■ **Exercise details**:
Go to the line that contains "Some of the words" and transcribe from there to the end of the entries, that line and the last one included.

■ **Source data**:

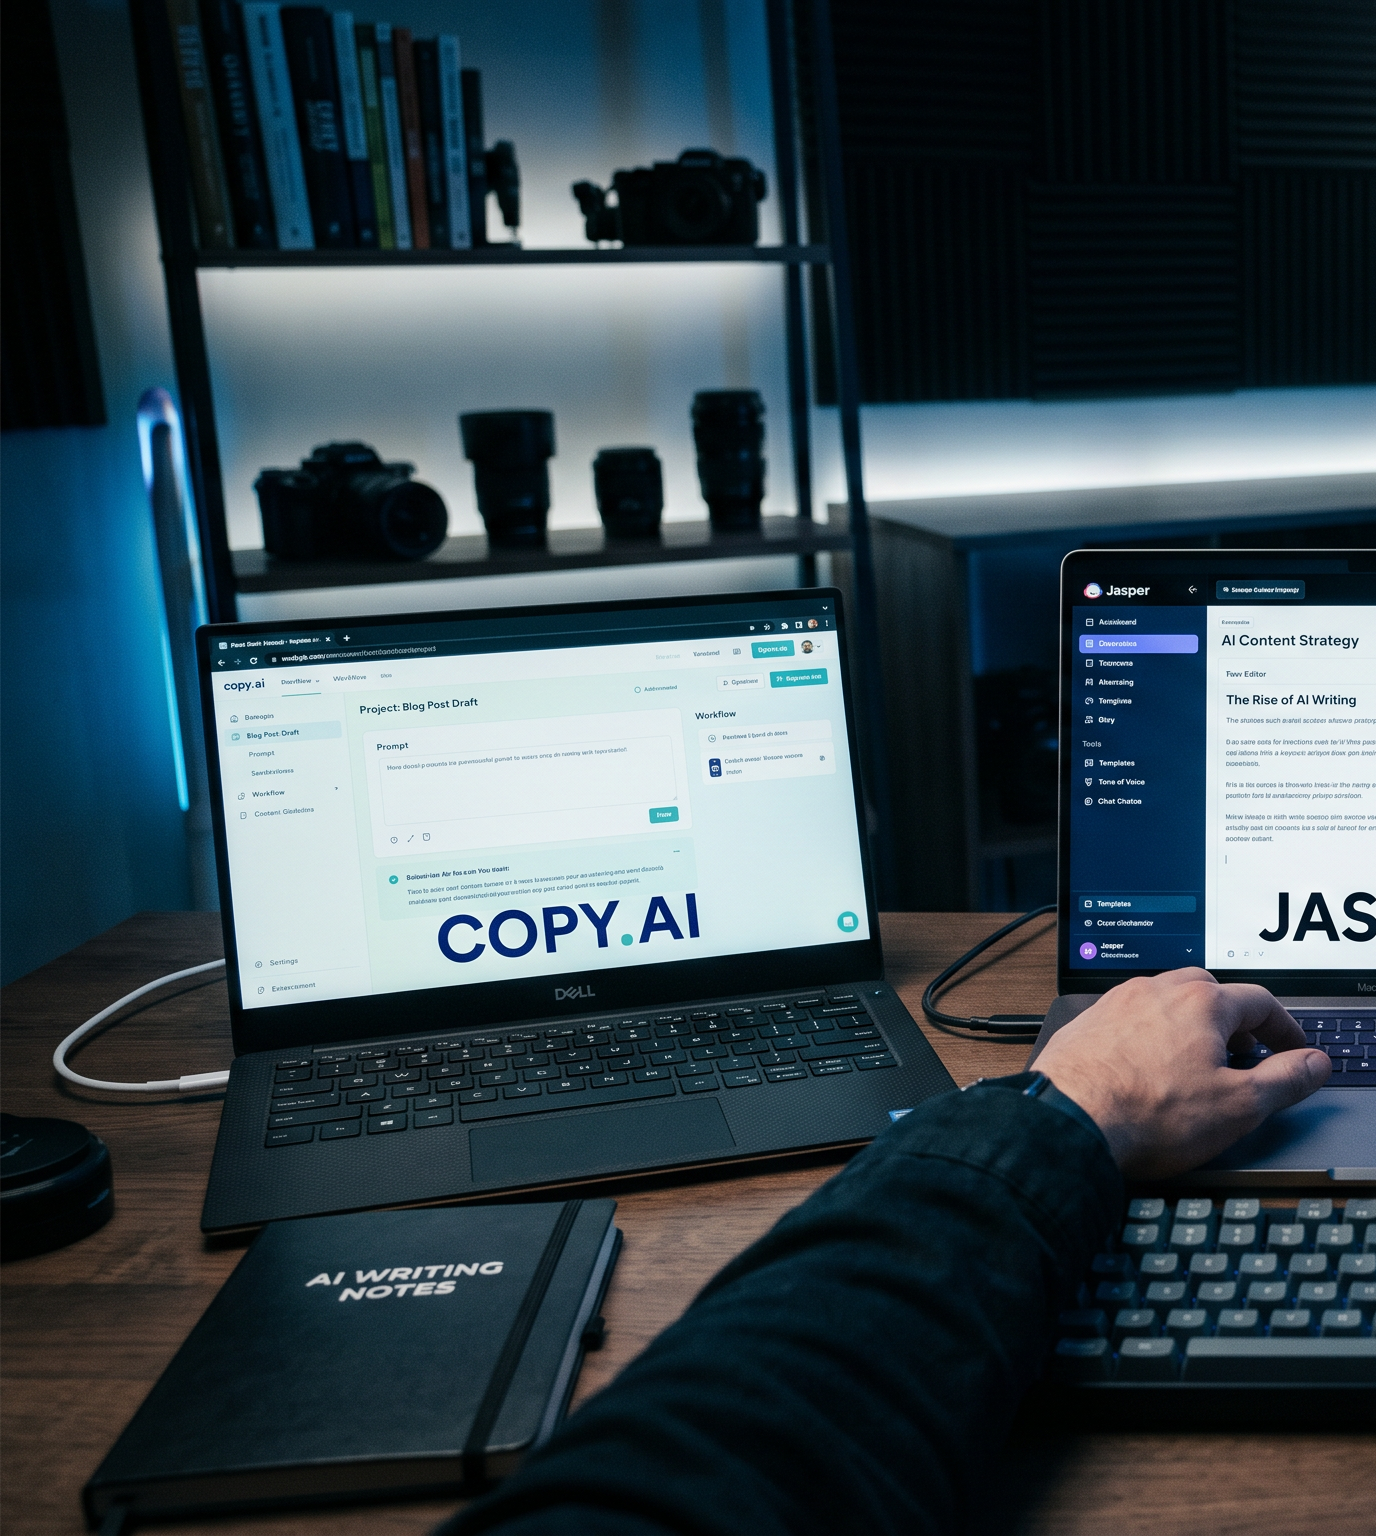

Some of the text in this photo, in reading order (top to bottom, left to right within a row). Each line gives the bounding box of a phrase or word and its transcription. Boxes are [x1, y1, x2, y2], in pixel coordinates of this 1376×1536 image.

[1106, 585, 1150, 598] Jasper
[1221, 634, 1359, 649] AI Content Strategy
[1244, 670, 1267, 678] Editor
[223, 678, 265, 692] copy.ai
[359, 697, 479, 715] Project: Blog Post Draft
[1226, 694, 1357, 708] The Rise of AI Writing
[694, 710, 736, 720] Workflow
[281, 729, 300, 737] Draft
[376, 741, 409, 752] Prompt
[1082, 740, 1102, 748] Tools
[1099, 759, 1136, 768] Templates
[1098, 778, 1146, 786] Tone of Voice
[437, 892, 701, 964] COPY.AI
[554, 985, 596, 1001] DELL
[305, 1261, 504, 1287] AI WRITING
[338, 1280, 457, 1302] NOTES
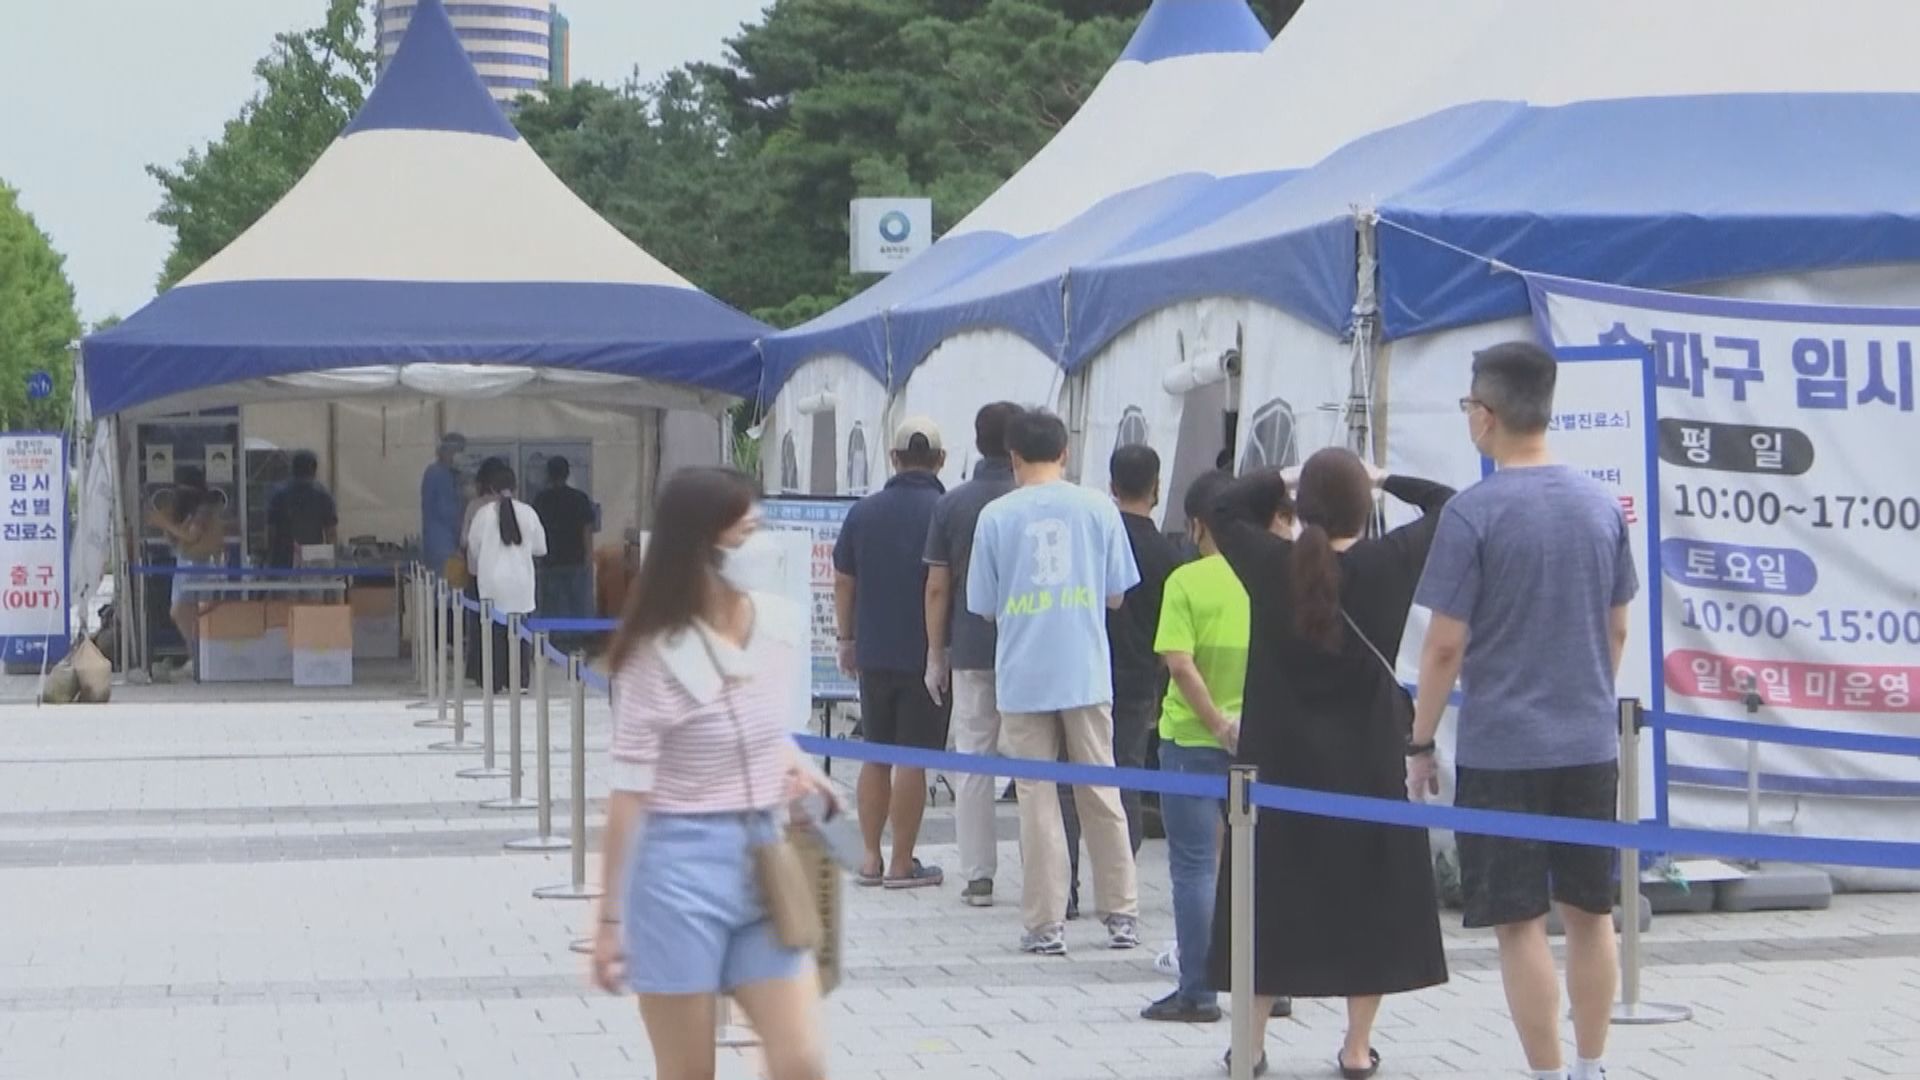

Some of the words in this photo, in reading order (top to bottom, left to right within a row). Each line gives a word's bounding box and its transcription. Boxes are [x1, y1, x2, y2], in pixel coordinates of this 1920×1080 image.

[1791, 337, 1914, 411] 임시
[1674, 484, 1920, 531] 10:00~17:00
[4, 523, 57, 541] 진료소
[1685, 548, 1788, 590] 토요일
[3, 589, 60, 609] (OUT)
[1681, 598, 1920, 643] 10:00~15:00
[1691, 658, 1792, 703] 일요일
[1805, 671, 1910, 707] 미운영

■ **Response to the task**:
Some of the words in this photo, in reading order (top to bottom, left to right within a row). Each line gives a word's bounding box and its transcription. Boxes are [x1, y1, x2, y2], in pixel coordinates of this 1920×1080 image.

[1791, 337, 1914, 411] 임시
[1674, 484, 1920, 531] 10:00~17:00
[4, 523, 57, 541] 진료소
[1685, 548, 1788, 590] 토요일
[3, 589, 60, 609] (OUT)
[1681, 598, 1920, 643] 10:00~15:00
[1691, 658, 1792, 703] 일요일
[1805, 671, 1910, 707] 미운영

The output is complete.